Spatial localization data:
::::::::::
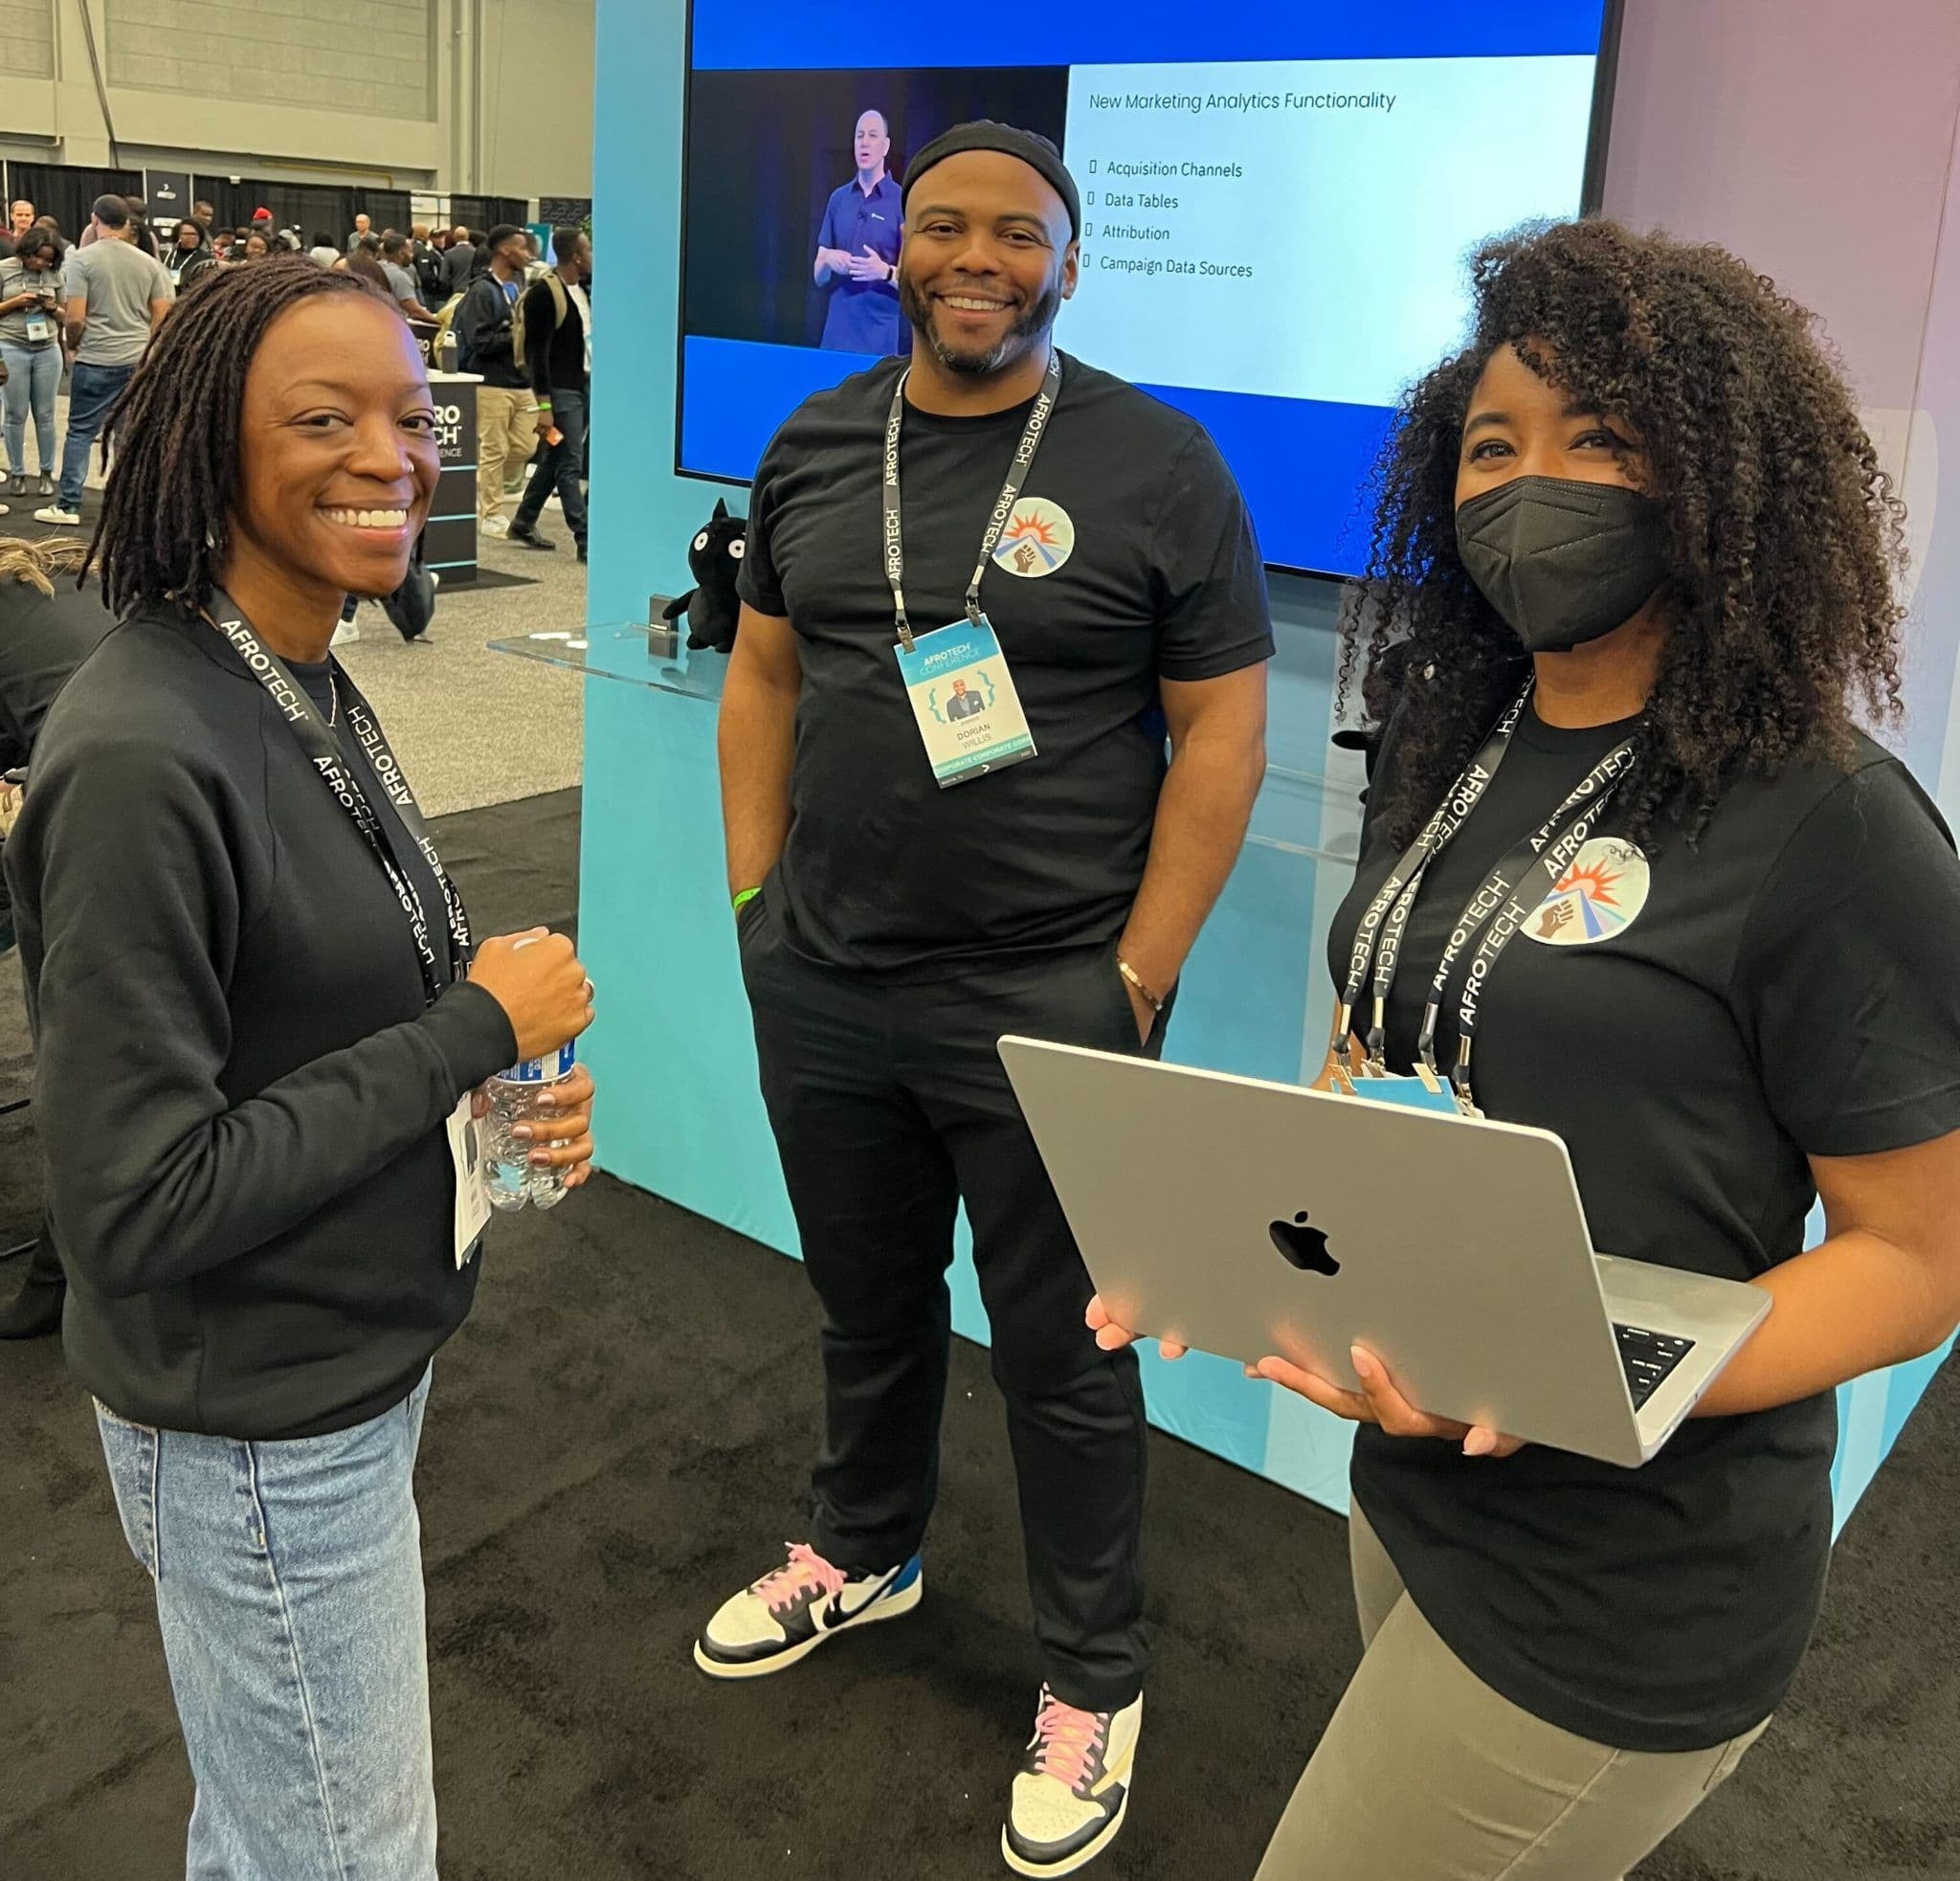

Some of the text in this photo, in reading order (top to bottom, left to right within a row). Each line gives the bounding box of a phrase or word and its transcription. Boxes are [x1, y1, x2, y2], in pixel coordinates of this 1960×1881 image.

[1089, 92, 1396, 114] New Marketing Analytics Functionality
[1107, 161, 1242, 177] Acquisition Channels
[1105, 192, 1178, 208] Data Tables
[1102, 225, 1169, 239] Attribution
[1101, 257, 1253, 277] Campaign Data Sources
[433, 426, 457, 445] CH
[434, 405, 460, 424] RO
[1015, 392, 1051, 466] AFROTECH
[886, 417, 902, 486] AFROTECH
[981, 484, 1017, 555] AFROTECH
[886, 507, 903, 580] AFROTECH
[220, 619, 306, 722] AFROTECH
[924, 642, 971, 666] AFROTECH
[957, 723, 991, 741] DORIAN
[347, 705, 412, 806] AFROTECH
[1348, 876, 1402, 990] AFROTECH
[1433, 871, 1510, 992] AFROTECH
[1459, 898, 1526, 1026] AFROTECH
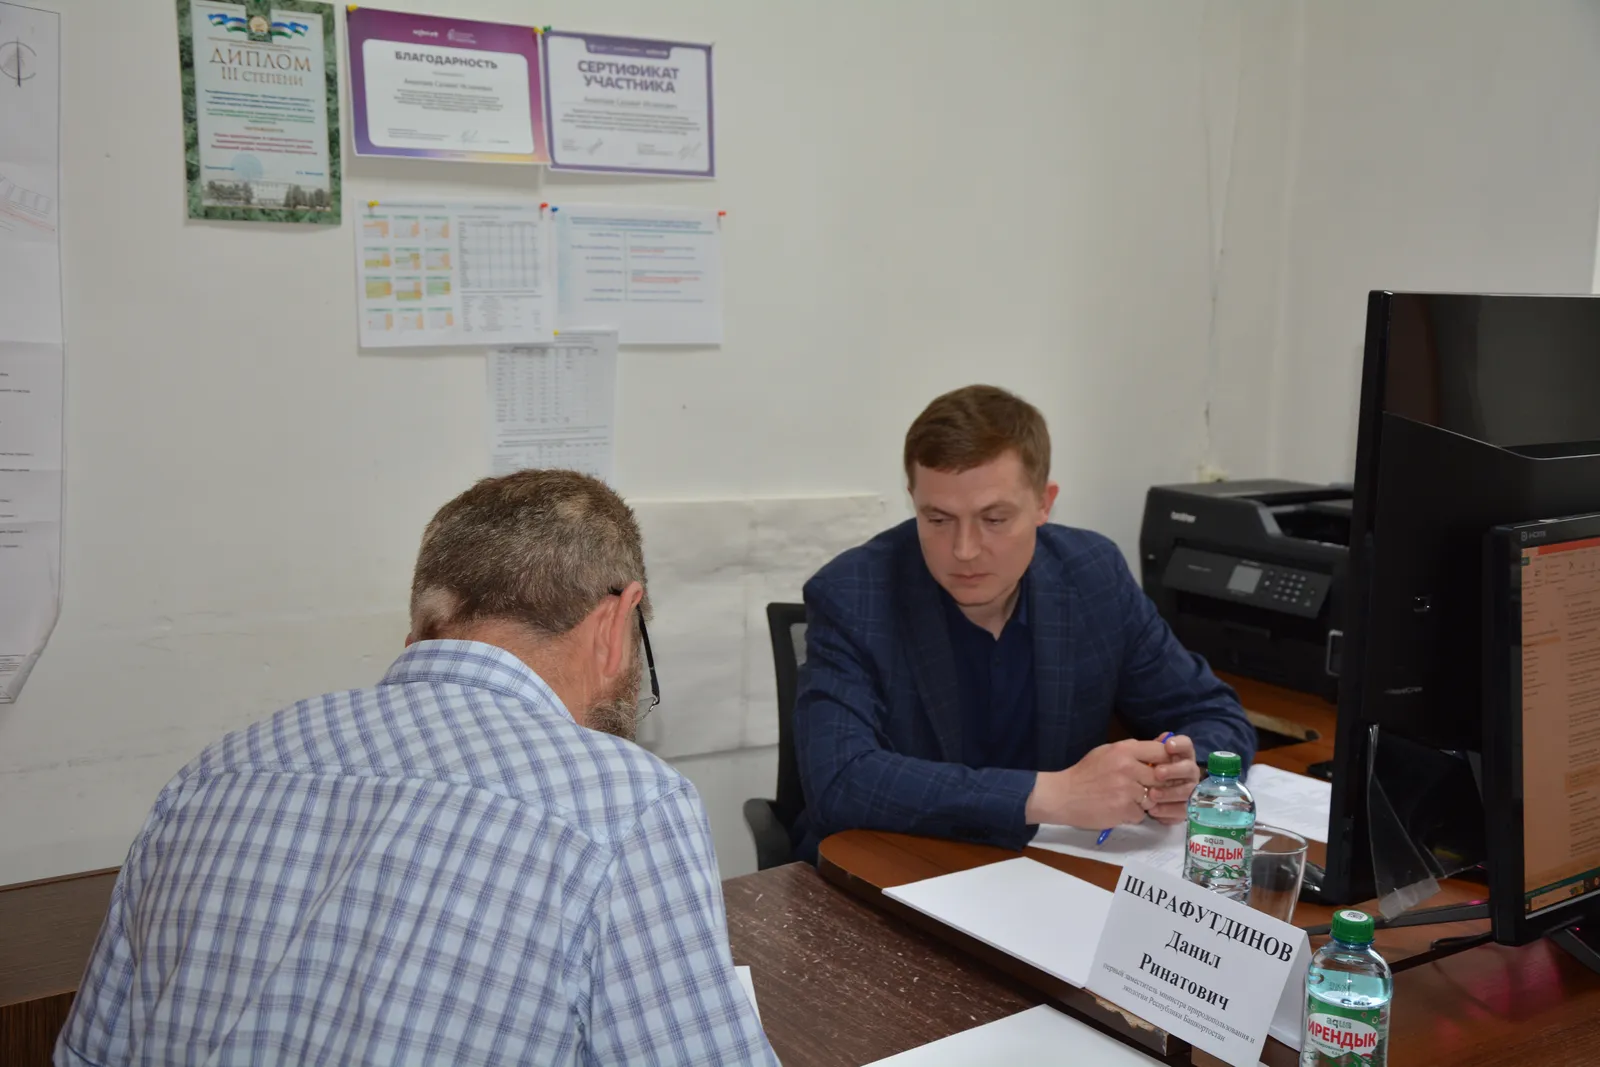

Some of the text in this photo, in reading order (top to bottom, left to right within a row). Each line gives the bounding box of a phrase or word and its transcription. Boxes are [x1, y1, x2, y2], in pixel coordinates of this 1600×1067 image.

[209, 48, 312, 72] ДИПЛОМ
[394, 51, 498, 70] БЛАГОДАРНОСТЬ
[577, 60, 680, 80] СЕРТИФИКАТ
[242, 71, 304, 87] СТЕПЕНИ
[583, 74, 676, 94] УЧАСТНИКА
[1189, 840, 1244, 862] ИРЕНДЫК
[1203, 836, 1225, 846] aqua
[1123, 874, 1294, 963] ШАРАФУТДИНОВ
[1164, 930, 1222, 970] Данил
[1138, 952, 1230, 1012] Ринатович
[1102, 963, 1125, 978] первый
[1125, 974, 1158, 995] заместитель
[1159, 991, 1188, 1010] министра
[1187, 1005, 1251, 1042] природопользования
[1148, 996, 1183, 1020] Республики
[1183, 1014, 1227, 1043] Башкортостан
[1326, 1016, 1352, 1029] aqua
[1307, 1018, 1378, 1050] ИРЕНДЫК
::::::::::
▶ What to do: Could you output every entry exactly as written, skipping the pictures?

▶ Reply:
Some of the text in this photo, in reading order (top to bottom, left to right within a row). Each line gives the bounding box of a phrase or word and its transcription. Boxes are [x1, y1, x2, y2], in pixel coordinates of this 1960×1881 image.

[1089, 92, 1396, 114] New Marketing Analytics Functionality
[1107, 161, 1242, 177] Acquisition Channels
[1105, 192, 1178, 208] Data Tables
[1102, 225, 1169, 239] Attribution
[1101, 257, 1253, 277] Campaign Data Sources
[433, 426, 457, 445] CH
[434, 405, 460, 424] RO
[1015, 392, 1051, 466] AFROTECH
[886, 417, 902, 486] AFROTECH
[981, 484, 1017, 555] AFROTECH
[886, 507, 903, 580] AFROTECH
[220, 619, 306, 722] AFROTECH
[924, 642, 971, 666] AFROTECH
[957, 723, 991, 741] DORIAN
[347, 705, 412, 806] AFROTECH
[1348, 876, 1402, 990] AFROTECH
[1433, 871, 1510, 992] AFROTECH
[1459, 898, 1526, 1026] AFROTECH

Some of the text in this photo, in reading order (top to bottom, left to right within a row). Each line gives the bounding box of a phrase or word and its transcription. Boxes are [x1, y1, x2, y2], in pixel coordinates of this 1600×1067 image.

[209, 48, 312, 72] ДИПЛОМ
[394, 51, 498, 70] БЛАГОДАРНОСТЬ
[577, 60, 680, 80] СЕРТИФИКАТ
[242, 71, 304, 87] СТЕПЕНИ
[583, 74, 676, 94] УЧАСТНИКА
[1189, 840, 1244, 862] ИРЕНДЫК
[1203, 836, 1225, 846] aqua
[1123, 874, 1294, 963] ШАРАФУТДИНОВ
[1164, 930, 1222, 970] Данил
[1138, 952, 1230, 1012] Ринатович
[1102, 963, 1125, 978] первый
[1125, 974, 1158, 995] заместитель
[1159, 991, 1188, 1010] министра
[1187, 1005, 1251, 1042] природопользования
[1148, 996, 1183, 1020] Республики
[1183, 1014, 1227, 1043] Башкортостан
[1326, 1016, 1352, 1029] aqua
[1307, 1018, 1378, 1050] ИРЕНДЫК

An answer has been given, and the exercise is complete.